Memperoleh pemaparan demikian, Kepala UPT. KB Kecamatan Gianyar, Dra. Desak Putu Agustini menilai untuk saat ini gaung program-program KB memang semakin memudar. Pemicunya disinyalir karena ada desentralisasi pemerintahan. Sehingga, keberlangsungan program-program KB serta pendanaannya sangat tergantung pada pemegang kebijakan. “Hal ini disebabkan mungkin karena ada desentralisasi pemerintahan. Sehingga kalau pemerintah yang memandang gerakan KKBPK tidak perlu, jadi kegiatan atau programnya mungkin saja tidak diperhatikan. Demikian sebaliknya,” ungkapnya.
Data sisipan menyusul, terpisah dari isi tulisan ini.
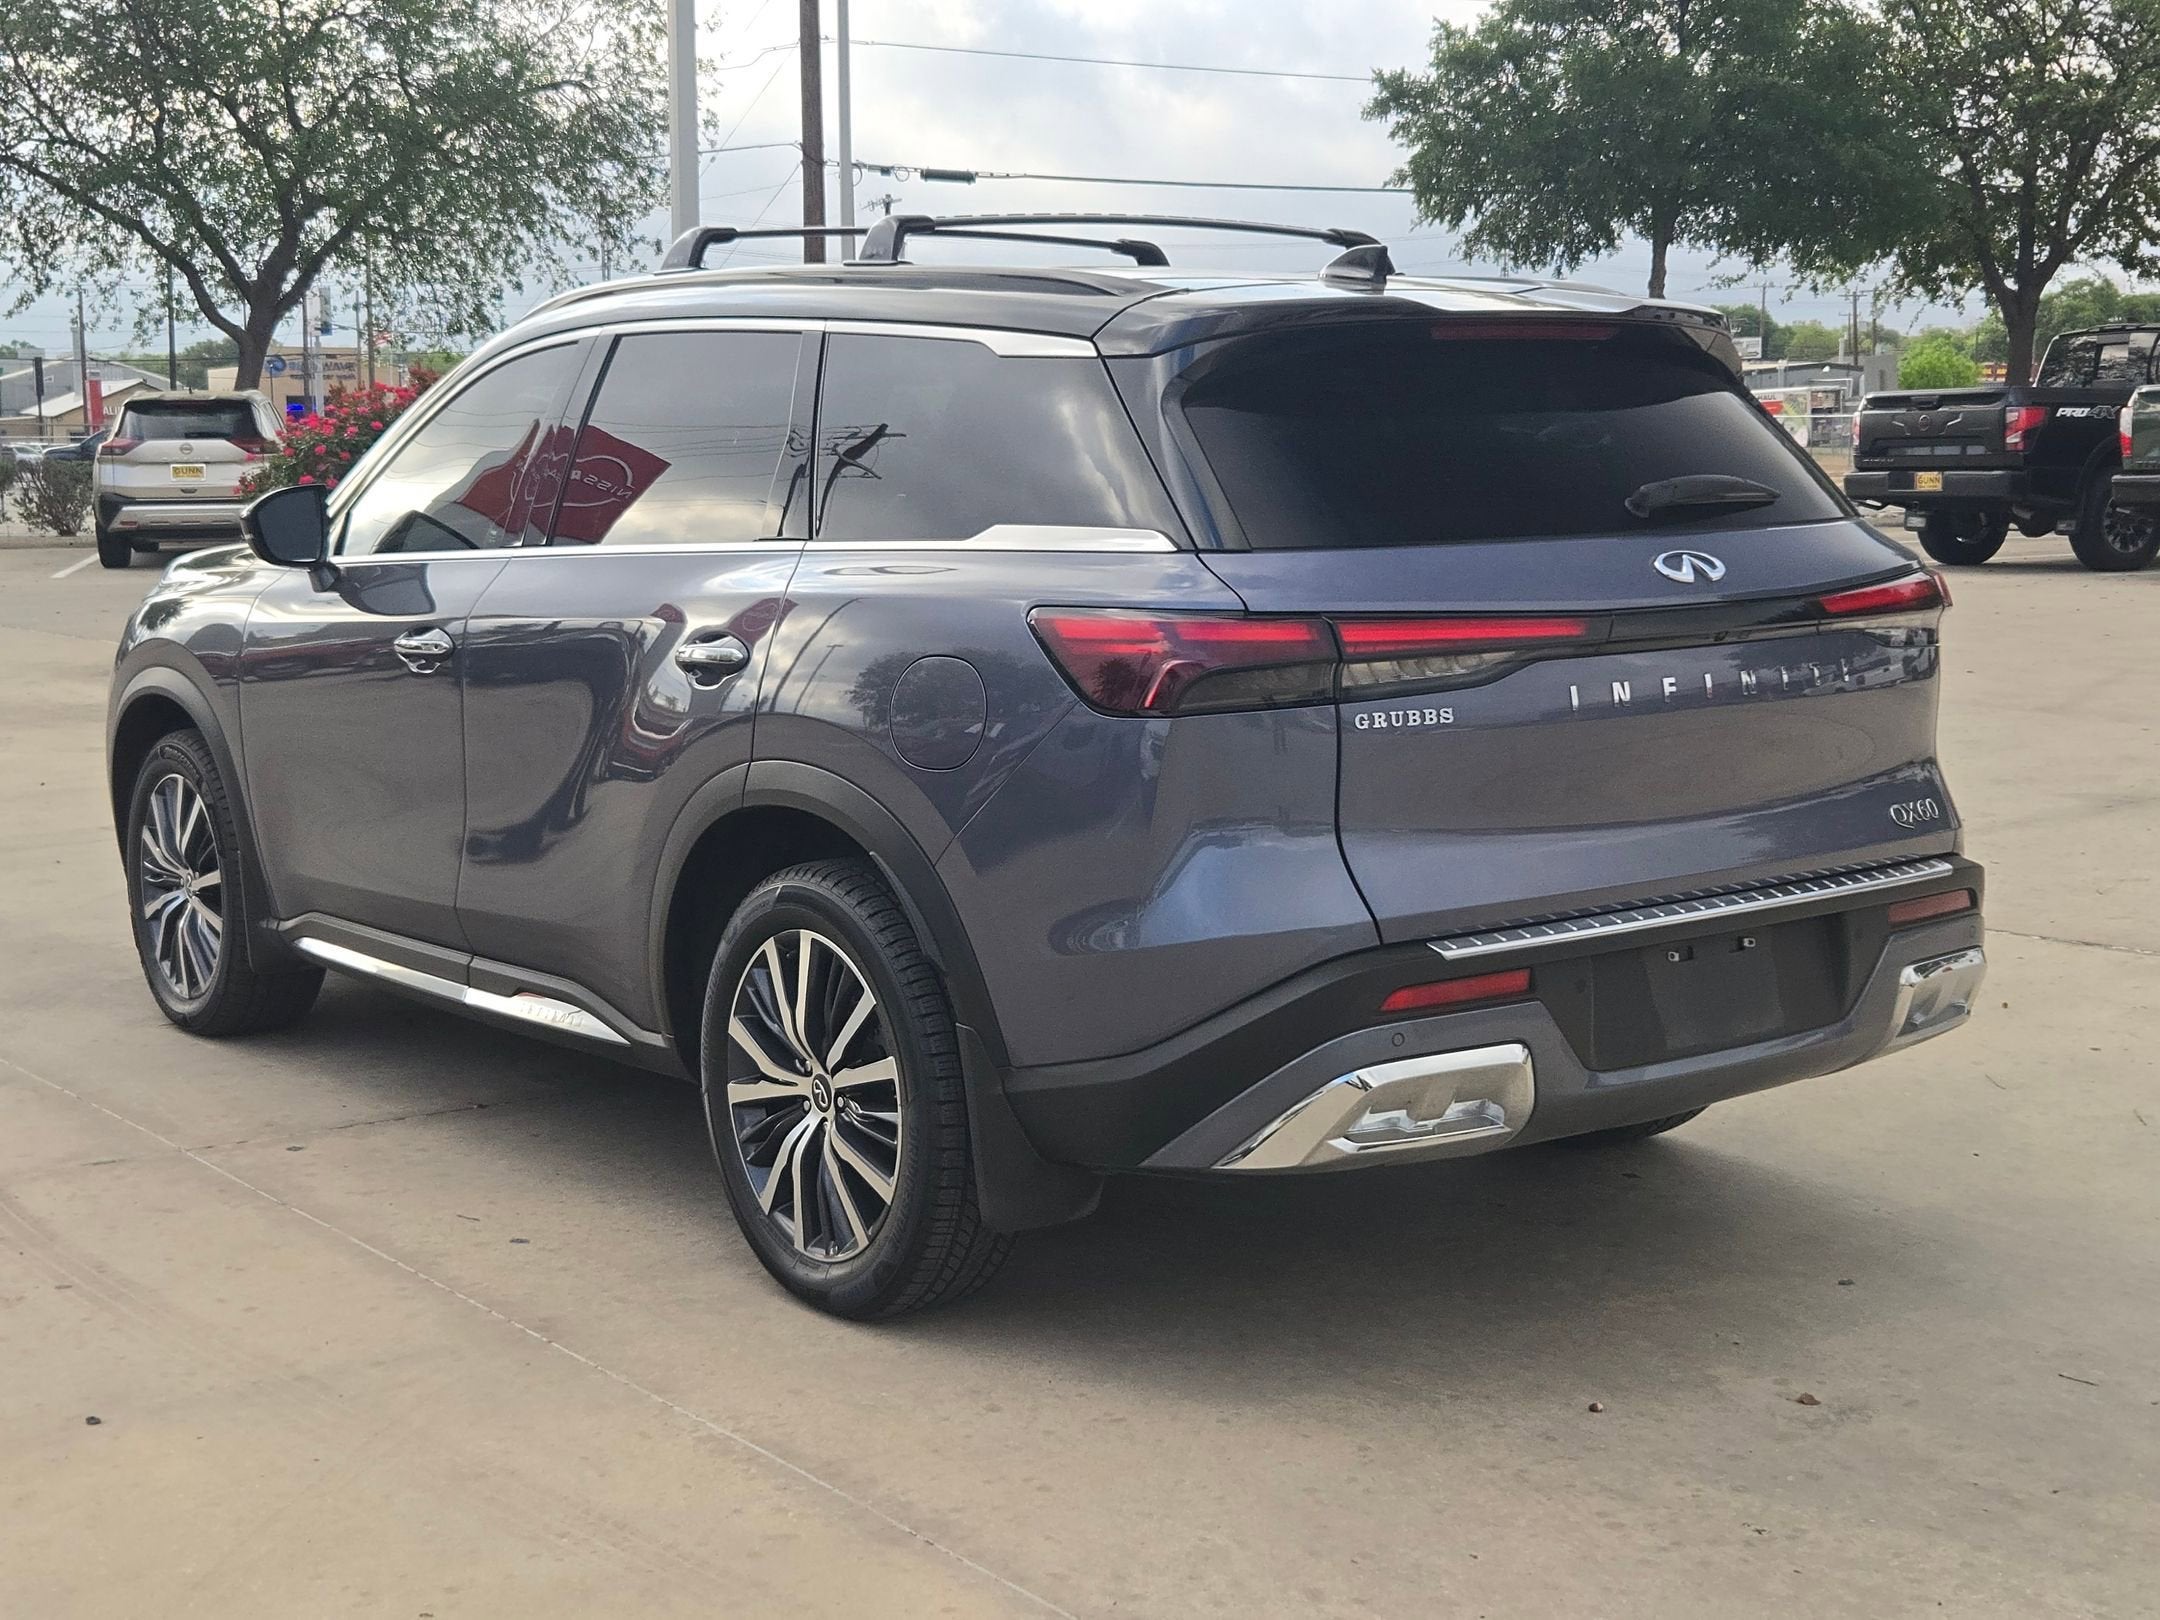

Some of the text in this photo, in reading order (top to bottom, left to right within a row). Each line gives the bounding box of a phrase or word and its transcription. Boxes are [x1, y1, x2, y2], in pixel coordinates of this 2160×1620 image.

[1917, 475, 1940, 485] GUNN
[1568, 658, 1850, 712] INFINITI
[1354, 708, 1454, 730] GRUBBS
[1889, 798, 1939, 829] QX60
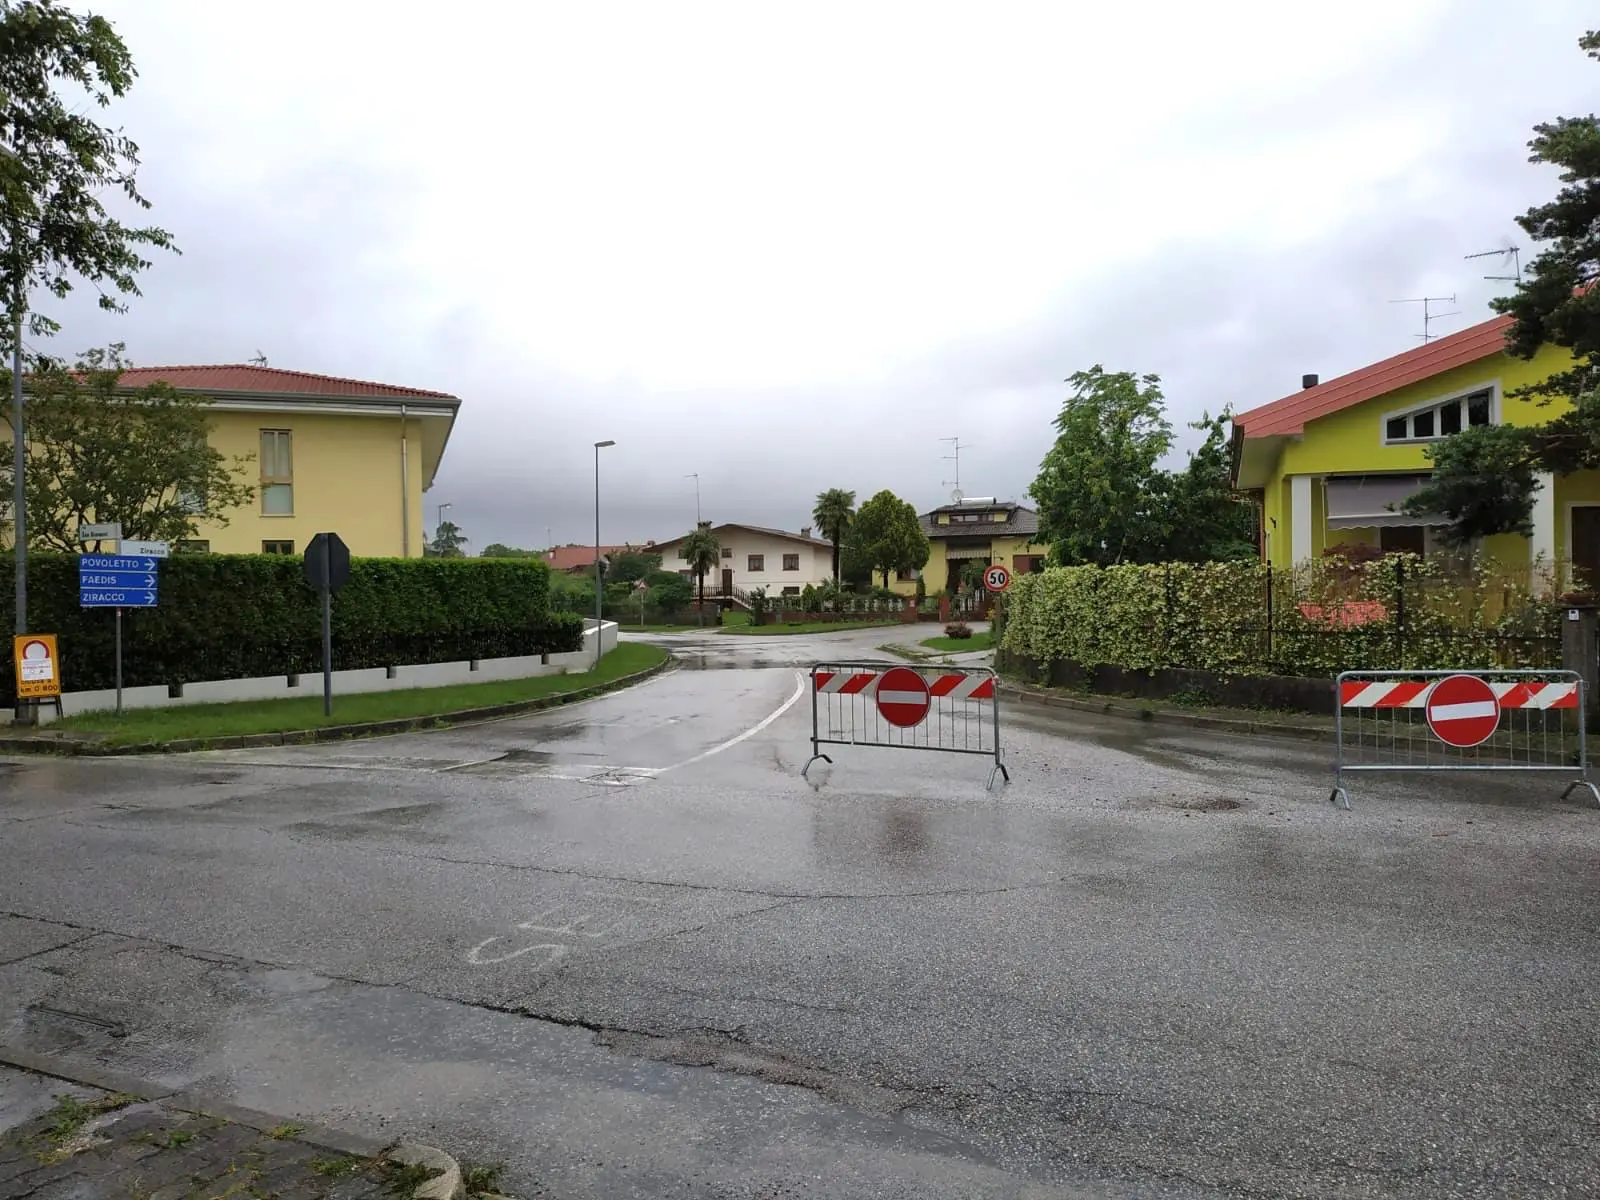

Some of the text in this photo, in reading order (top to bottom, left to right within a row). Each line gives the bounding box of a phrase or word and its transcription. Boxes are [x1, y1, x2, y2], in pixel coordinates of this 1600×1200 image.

[81, 558, 139, 568] POVOLETTO
[81, 575, 117, 584] FAEDIS
[990, 572, 1005, 584] 50
[82, 593, 125, 602] ZIRACCO
Meski demikian, Agustini tetap memberikan motivasi kepada rekan-rekannya untuk terus memberikan pembinaan kepada masyarakat. Utamanya kepada pasangan usia subur, agar bersedia mengikuti program KB. “Bagaimana caranya kiat kita di lapangan, memberikan pembekalan atau Advokasi dan KIE kepada pemerintah dan masyarakat, khususnya pasangan usia subur. Bagaimana agar mereka mengetahui tentang program KB. Contohnya, kalau pada pasangan usia subur berikan informasi yang mendidik mulai dari mengenal alat-alat kontrasepsi, penundaan usia perkawinan, bagaimana menjarangkan kelahiran, dan menunda kelahiran. Itu yang diharapkan bisa dicapai program kita,” ujarnya antusias.